The University of Chicago's leading role in scientific research was strengthened in 1894, when Harper appointed John Merle Coulter (1851-1928) to lead the newly established Department of Botany. Coulter was a leading American botanist and a friend of Asa Gray (1810-1888), the famed Harvard botanist whose Manual of Botany and other texts dominated plant science in the United States. Coulter had founded the Botanical Gazette nearly twenty years earlier, and he brought the editorship of the professional journal with him to his new position. In 1896, botanical research at the University of Chicago was further enhanced with the erection of the Hull Biological Laboratories. This complex of four buildings included the Botany Building, which housed classrooms, labs, and a rooftop greenhouse, and Botany Pond, an adjacent outdoor plant study facility.

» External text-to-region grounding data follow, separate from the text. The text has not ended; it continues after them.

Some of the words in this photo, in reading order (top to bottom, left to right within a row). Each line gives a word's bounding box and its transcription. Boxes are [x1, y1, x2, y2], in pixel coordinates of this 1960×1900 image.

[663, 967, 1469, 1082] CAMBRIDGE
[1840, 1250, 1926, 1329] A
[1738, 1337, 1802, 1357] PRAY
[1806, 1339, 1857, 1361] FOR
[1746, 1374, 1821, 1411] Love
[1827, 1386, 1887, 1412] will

The University of Chicago Department of Botany quickly grew to become one of modern botany's most influential centers of research and teaching. By the 1930s, the roster of notable researchers serving on the Botany faculty included Henry C. Cowles and George D. Fuller in ecology, Charles J. Chamberlin in plant morphology, Merle C. Coulter in plant genetics, Adolf C. Noe in paleobotany, and Charles Barnes, William Crocker, and Charles A. Shull in plant physiology. The Botanical Gazette, published under the direction of an editorial board drawn from the department's faculty, was American botany's leading journal, and national university evaluations such as the Hughes Report of 1925 ranked the Department of Botany first among its academic peers.